## INSTRUCTIONS TO FOLLOW
Every record must be restated exactly as written.

## RECORD SET
Content starts

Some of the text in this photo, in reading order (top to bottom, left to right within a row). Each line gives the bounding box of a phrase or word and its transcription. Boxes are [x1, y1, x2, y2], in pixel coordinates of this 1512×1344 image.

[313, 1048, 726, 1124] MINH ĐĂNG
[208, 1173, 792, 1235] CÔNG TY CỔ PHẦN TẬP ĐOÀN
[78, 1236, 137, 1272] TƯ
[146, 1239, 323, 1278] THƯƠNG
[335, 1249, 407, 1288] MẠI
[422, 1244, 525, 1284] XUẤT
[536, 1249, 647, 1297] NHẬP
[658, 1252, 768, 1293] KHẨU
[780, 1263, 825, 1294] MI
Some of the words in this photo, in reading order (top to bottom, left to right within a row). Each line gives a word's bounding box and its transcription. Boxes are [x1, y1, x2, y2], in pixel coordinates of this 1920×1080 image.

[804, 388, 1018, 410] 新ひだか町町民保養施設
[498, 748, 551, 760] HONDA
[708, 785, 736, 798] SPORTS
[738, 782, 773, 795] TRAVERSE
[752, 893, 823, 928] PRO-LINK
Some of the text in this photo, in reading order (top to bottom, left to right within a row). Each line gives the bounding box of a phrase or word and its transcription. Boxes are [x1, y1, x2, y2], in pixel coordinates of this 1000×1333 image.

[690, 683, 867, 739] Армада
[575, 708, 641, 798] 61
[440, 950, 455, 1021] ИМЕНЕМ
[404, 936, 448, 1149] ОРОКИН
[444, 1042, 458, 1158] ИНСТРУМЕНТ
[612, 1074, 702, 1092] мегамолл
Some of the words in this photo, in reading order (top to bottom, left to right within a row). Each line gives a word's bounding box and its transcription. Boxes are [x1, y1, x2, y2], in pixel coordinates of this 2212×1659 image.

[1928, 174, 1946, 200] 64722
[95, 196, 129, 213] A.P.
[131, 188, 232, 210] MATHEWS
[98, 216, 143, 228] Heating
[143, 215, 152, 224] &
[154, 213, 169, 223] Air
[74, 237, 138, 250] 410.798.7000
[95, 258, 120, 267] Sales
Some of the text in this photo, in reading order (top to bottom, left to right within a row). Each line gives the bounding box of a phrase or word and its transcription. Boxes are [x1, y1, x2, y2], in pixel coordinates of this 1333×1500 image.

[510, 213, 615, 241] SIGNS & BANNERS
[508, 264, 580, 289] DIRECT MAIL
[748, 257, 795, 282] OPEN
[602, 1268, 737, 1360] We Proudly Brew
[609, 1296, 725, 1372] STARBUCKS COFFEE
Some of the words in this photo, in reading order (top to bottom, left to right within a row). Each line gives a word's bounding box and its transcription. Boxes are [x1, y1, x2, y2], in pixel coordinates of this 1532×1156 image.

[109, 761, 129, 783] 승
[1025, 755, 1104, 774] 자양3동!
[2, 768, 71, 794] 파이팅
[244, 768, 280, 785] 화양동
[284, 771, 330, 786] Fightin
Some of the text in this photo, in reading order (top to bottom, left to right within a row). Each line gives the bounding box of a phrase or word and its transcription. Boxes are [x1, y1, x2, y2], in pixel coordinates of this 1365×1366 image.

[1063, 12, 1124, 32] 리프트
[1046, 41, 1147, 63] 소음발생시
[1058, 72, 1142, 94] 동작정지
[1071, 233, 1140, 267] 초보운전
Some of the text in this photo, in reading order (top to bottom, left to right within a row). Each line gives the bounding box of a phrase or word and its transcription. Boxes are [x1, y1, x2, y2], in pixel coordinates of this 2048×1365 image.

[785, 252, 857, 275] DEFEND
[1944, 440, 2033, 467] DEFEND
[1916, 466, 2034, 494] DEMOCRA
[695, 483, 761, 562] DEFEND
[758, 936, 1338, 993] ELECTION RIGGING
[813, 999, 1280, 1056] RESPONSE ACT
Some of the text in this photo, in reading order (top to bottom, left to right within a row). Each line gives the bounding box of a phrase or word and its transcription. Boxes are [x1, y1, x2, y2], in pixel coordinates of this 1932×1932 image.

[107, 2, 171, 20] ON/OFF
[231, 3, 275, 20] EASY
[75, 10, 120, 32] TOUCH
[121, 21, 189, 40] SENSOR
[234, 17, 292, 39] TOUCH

Content ends

## RESULT FOR THIS TASK
Some of the text in this photo, in reading order (top to bottom, left to right within a row). Each line gives the bounding box of a phrase or word and its transcription. Boxes are [x1, y1, x2, y2], in pixel coordinates of this 1512×1344 image.

[313, 1048, 726, 1124] MINH ĐĂNG
[208, 1173, 792, 1235] CÔNG TY CỔ PHẦN TẬP ĐOÀN
[78, 1236, 137, 1272] TƯ
[146, 1239, 323, 1278] THƯƠNG
[335, 1249, 407, 1288] MẠI
[422, 1244, 525, 1284] XUẤT
[536, 1249, 647, 1297] NHẬP
[658, 1252, 768, 1293] KHẨU
[780, 1263, 825, 1294] MI
Some of the words in this photo, in reading order (top to bottom, left to right within a row). Each line gives a word's bounding box and its transcription. Boxes are [x1, y1, x2, y2], in pixel coordinates of this 1920×1080 image.

[804, 388, 1018, 410] 新ひだか町町民保養施設
[498, 748, 551, 760] HONDA
[708, 785, 736, 798] SPORTS
[738, 782, 773, 795] TRAVERSE
[752, 893, 823, 928] PRO-LINK
Some of the text in this photo, in reading order (top to bottom, left to right within a row). Each line gives the bounding box of a phrase or word and its transcription. Boxes are [x1, y1, x2, y2], in pixel coordinates of this 1000×1333 image.

[690, 683, 867, 739] Армада
[575, 708, 641, 798] 61
[440, 950, 455, 1021] ИМЕНЕМ
[404, 936, 448, 1149] ОРОКИН
[444, 1042, 458, 1158] ИНСТРУМЕНТ
[612, 1074, 702, 1092] мегамолл
Some of the words in this photo, in reading order (top to bottom, left to right within a row). Each line gives a word's bounding box and its transcription. Boxes are [x1, y1, x2, y2], in pixel coordinates of this 2212×1659 image.

[1928, 174, 1946, 200] 64722
[95, 196, 129, 213] A.P.
[131, 188, 232, 210] MATHEWS
[98, 216, 143, 228] Heating
[143, 215, 152, 224] &
[154, 213, 169, 223] Air
[74, 237, 138, 250] 410.798.7000
[95, 258, 120, 267] Sales
Some of the text in this photo, in reading order (top to bottom, left to right within a row). Each line gives the bounding box of a phrase or word and its transcription. Boxes are [x1, y1, x2, y2], in pixel coordinates of this 1333×1500 image.

[510, 213, 615, 241] SIGNS & BANNERS
[508, 264, 580, 289] DIRECT MAIL
[748, 257, 795, 282] OPEN
[602, 1268, 737, 1360] We Proudly Brew
[609, 1296, 725, 1372] STARBUCKS COFFEE
Some of the words in this photo, in reading order (top to bottom, left to right within a row). Each line gives a word's bounding box and its transcription. Boxes are [x1, y1, x2, y2], in pixel coordinates of this 1532×1156 image.

[109, 761, 129, 783] 승
[1025, 755, 1104, 774] 자양3동!
[2, 768, 71, 794] 파이팅
[244, 768, 280, 785] 화양동
[284, 771, 330, 786] Fightin
Some of the text in this photo, in reading order (top to bottom, left to right within a row). Each line gives the bounding box of a phrase or word and its transcription. Boxes are [x1, y1, x2, y2], in pixel coordinates of this 1365×1366 image.

[1063, 12, 1124, 32] 리프트
[1046, 41, 1147, 63] 소음발생시
[1058, 72, 1142, 94] 동작정지
[1071, 233, 1140, 267] 초보운전
Some of the text in this photo, in reading order (top to bottom, left to right within a row). Each line gives the bounding box of a phrase or word and its transcription. Boxes are [x1, y1, x2, y2], in pixel coordinates of this 2048×1365 image.

[785, 252, 857, 275] DEFEND
[1944, 440, 2033, 467] DEFEND
[1916, 466, 2034, 494] DEMOCRA
[695, 483, 761, 562] DEFEND
[758, 936, 1338, 993] ELECTION RIGGING
[813, 999, 1280, 1056] RESPONSE ACT
Some of the text in this photo, in reading order (top to bottom, left to right within a row). Each line gives the bounding box of a phrase or word and its transcription. Boxes are [x1, y1, x2, y2], in pixel coordinates of this 1932×1932 image.

[107, 2, 171, 20] ON/OFF
[231, 3, 275, 20] EASY
[75, 10, 120, 32] TOUCH
[121, 21, 189, 40] SENSOR
[234, 17, 292, 39] TOUCH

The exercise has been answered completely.